Looney Labs, Inc.
- Company type: Privately held corporation
- Industry: Gaming
- Predecessor: IceHouse Games, Inc.
- Founded: July 24, 1996 in College Park, Maryland
- Founders: Andrew Looney Kristin Looney
- Headquarters: The Sterling Building, College Park, Maryland, United States
- Key people: Kristin Looney (CEO); Andrew Looney (CCO); Alison Frane (Head Factotum);
- Products: card games, Icehouse sets
- Brands: Fluxx; Looney Pyramids; Fully Baked Ideas;
- Revenue: $1 million (2012)
- Owners: Andrew Looney Kristin Looney
- Number of employees: 7 (2012)
- Website: looneylabs.com

= Looney Labs =

American game company

Looney Labs, Inc. is a small game company based in College Park, Maryland, United States. It is named after its founders, Andrew Looney and Kristin Looney, and is best known for creating the Fluxx line of card games. The company has three U.S. patents and eight Origins Awards.

The company's games are distributed by ACD Distribution, Alliance Game Distributors and GTS for the U.S. hobby game market, Lion Rampant for Canada and Publisher Services, Inc. for U.S. mass market and book trade and the international market.

==Icehouse Games: predecessor company==
Andrew and Kristin Looney previously entered game design and manufacturing with Icehouse Games which was started to manufacture pieces for the formerly fictional IceHouse game in 1989. In 1996, Looney shut down Icehouse Games, Inc. as the cost to create Icehouse pyramid molds would cost $12,000 and to focus on designing a card game.

==History==

===Home based===
Andrew Looney soon designed the Fluxx card game. Looney Laboratories was launched in 1996 as a part-time home based design company soon adding a nearby storage unit as a warehouse. Fluxx was licensed out to Iron Crown Enterprises to publish. At the 1998 Origins International Game Expo and Fair in Columbus, Ohio, Looney launched its Aquarius card game. Proton and Q-Turn were design in 1998–1999. Alison Frane started working at Looney Labs with Fluxx using her artistic abilities. The company's November 1999 weekly web zine officially launched its Mad Lab Rabbit fan demo program.

Iron Crown went into bankruptcy thus the Looney triggered the license provision allowing the rights to revert to the company.
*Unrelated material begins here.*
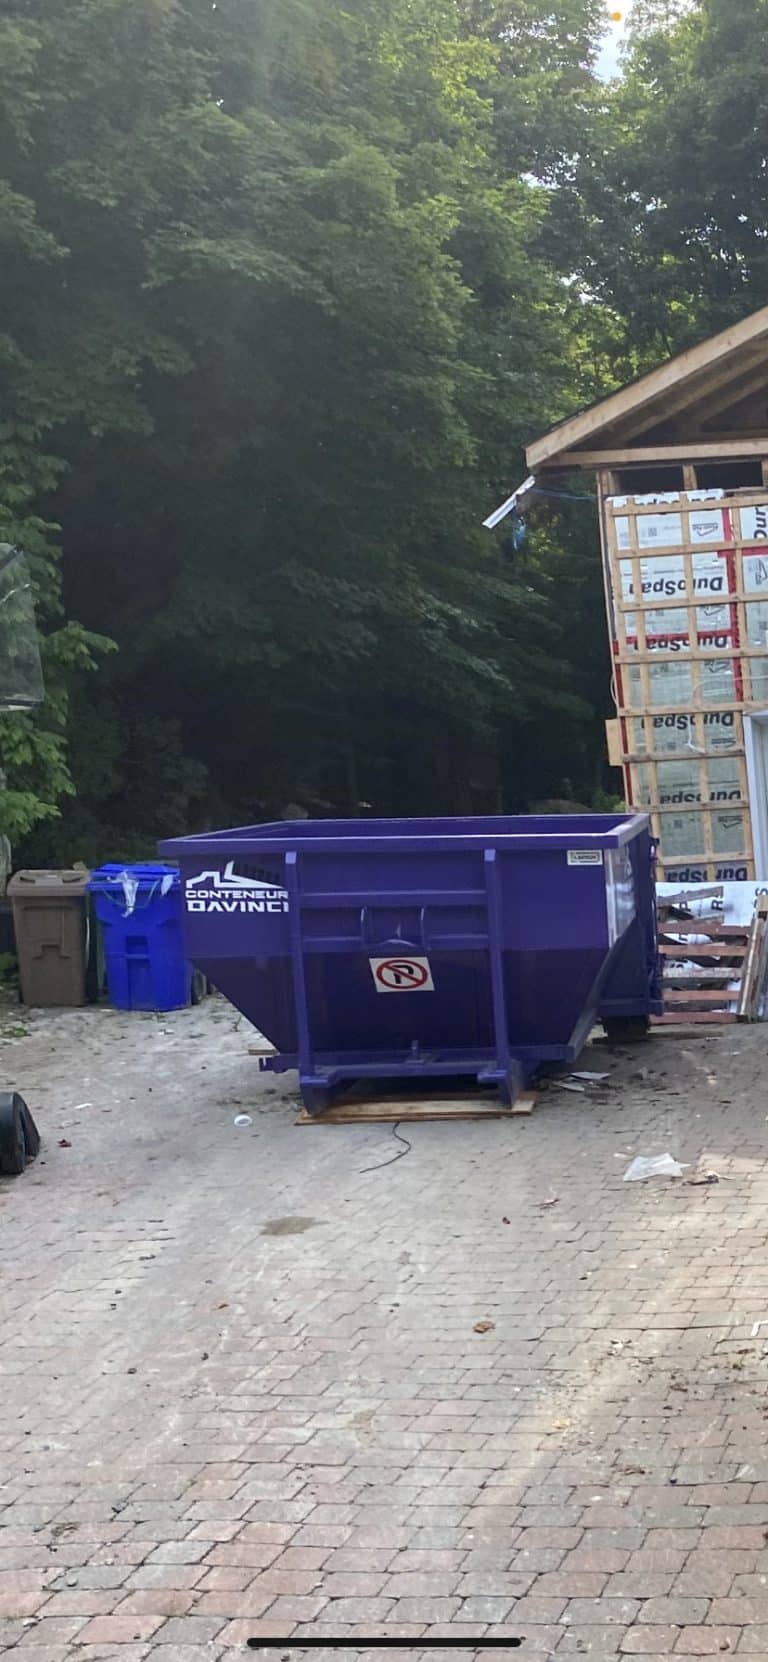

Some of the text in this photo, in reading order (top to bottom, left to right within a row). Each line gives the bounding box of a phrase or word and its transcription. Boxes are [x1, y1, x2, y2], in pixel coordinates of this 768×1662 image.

[641, 712, 733, 730] DurSpa
[185, 890, 289, 899] CONTENEUR
[186, 900, 289, 913] DAVINCI
Lab then decided to publish Fluxx in house instead of finding another publisher. Kristin Looney by 2000 quit her job to work full-time. By 2000, the company re-released Icehouse as Icehouse: The Martian Chess Set, released Chrononauts and a new printing of Fluxx (version 2.1). Icehouse sold poorly in stores while selling briskly on the company's website.
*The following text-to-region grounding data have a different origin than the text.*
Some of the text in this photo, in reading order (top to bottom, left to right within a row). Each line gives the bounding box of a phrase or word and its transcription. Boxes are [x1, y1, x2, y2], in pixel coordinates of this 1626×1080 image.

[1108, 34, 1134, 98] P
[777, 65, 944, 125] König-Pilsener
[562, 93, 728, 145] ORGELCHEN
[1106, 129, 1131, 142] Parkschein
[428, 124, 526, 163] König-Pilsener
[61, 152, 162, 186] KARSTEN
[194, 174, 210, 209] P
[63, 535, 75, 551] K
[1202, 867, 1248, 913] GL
In summer 2001, ACMS, later renamed Print Mail Communications (PMC), took over from the storage unit as warehousing and distribution company. In 2001, IceHouse and Chrononauts both won Origins Awards 2000 while Looney Labs published Cosmic Coasters, Fluxx Blanxx, and Chrononauts: Lost Identities. Icehouse pieces were released as monochrome stash tubes in 2001.
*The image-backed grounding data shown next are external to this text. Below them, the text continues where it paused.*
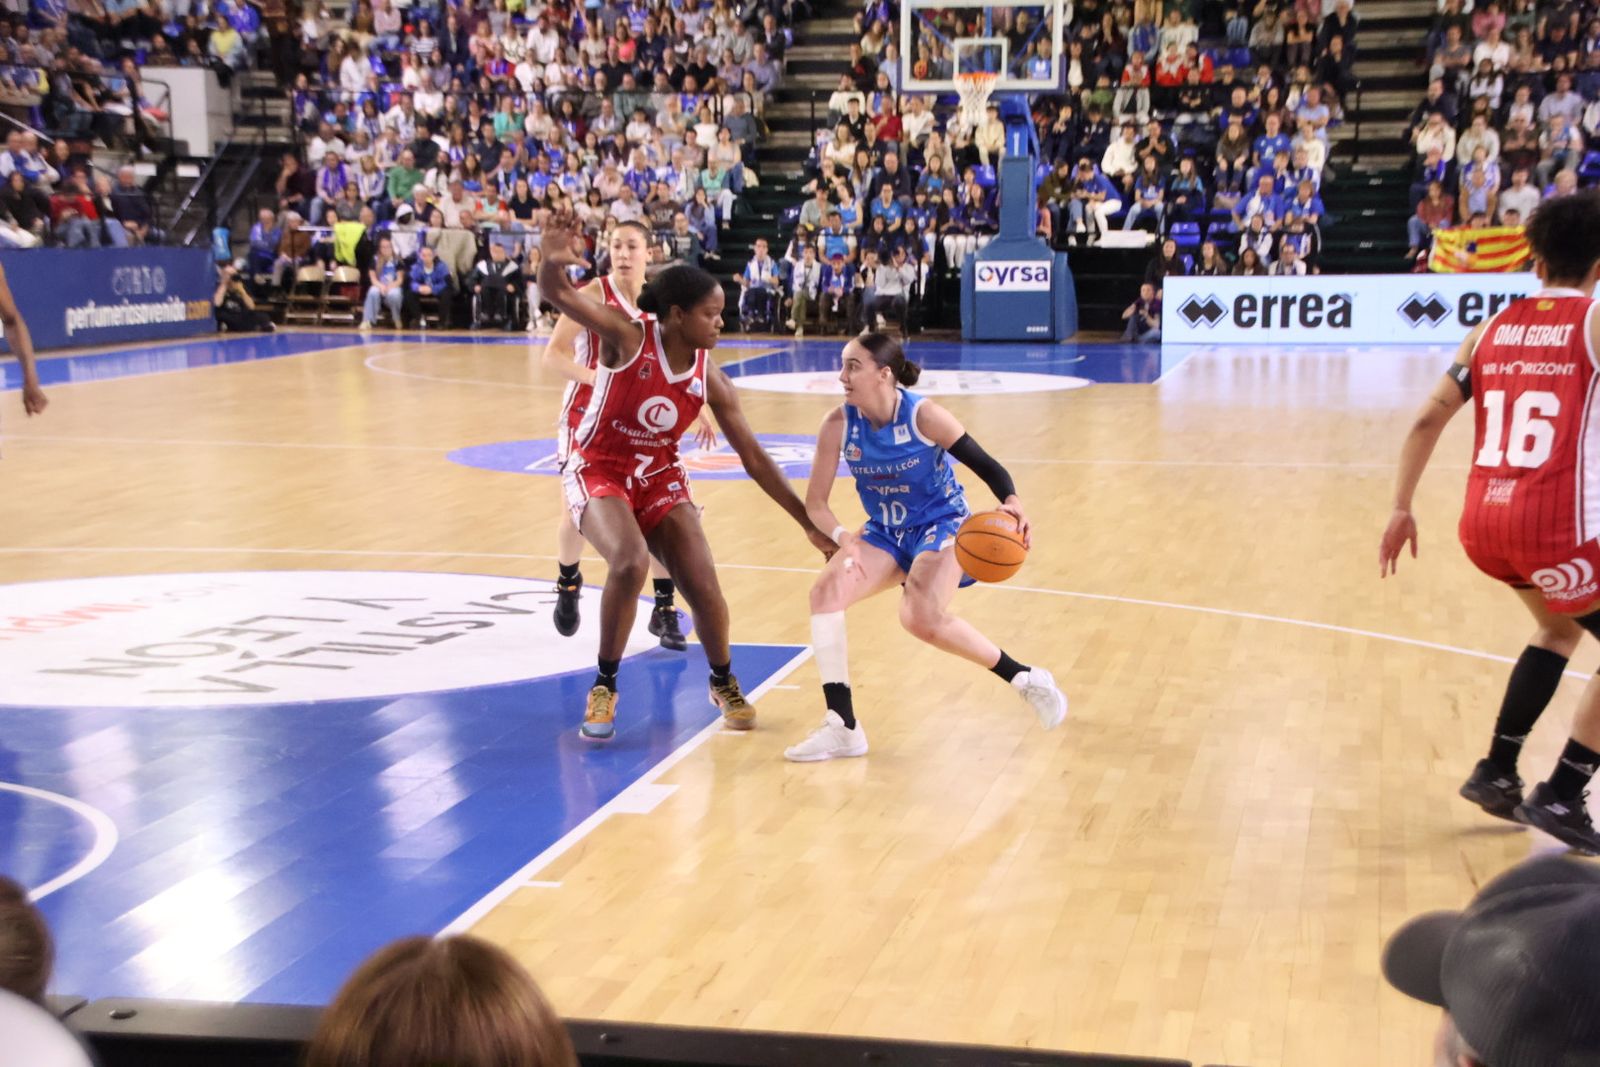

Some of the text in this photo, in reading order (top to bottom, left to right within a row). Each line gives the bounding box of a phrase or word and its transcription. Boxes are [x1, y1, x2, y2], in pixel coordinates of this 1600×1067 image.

[1524, 323, 1575, 347] GIRALT
[1499, 360, 1576, 376] HORIZONT
[1475, 390, 1561, 468] 16
[634, 452, 655, 478] 7
[886, 463, 893, 474] Y
[895, 457, 920, 471] LEÓN
[879, 500, 908, 526] 10
Andrew Looney became full-time by 2002. Labs released in 2002 Nanofictionary, Are You a Werewolf? and a new Fluxx primary version. In 2003, the company expanded the Fluxx line with its first themed variant and a licensed German language version.

Looney Labs found in 2004 that an unaware Covenant Communications had published a rip-off of their game, Aquarius, as Search, Ponder, and Play! in 2003, for which Labs reached a licensing deal with Covenant. In 2004, the Zendo icehouse set won Best Abstract Board Game of 2003. while in 2005 the set won the Mensa Select Game Award.

===Apartment based===
Company offices moved to Janet's Attic, an attic apartment in their friends' house several blocks away in early 2005. By October 2005, EcoFluxx was in play testing while Just Desserts was in prototype, or beta stage.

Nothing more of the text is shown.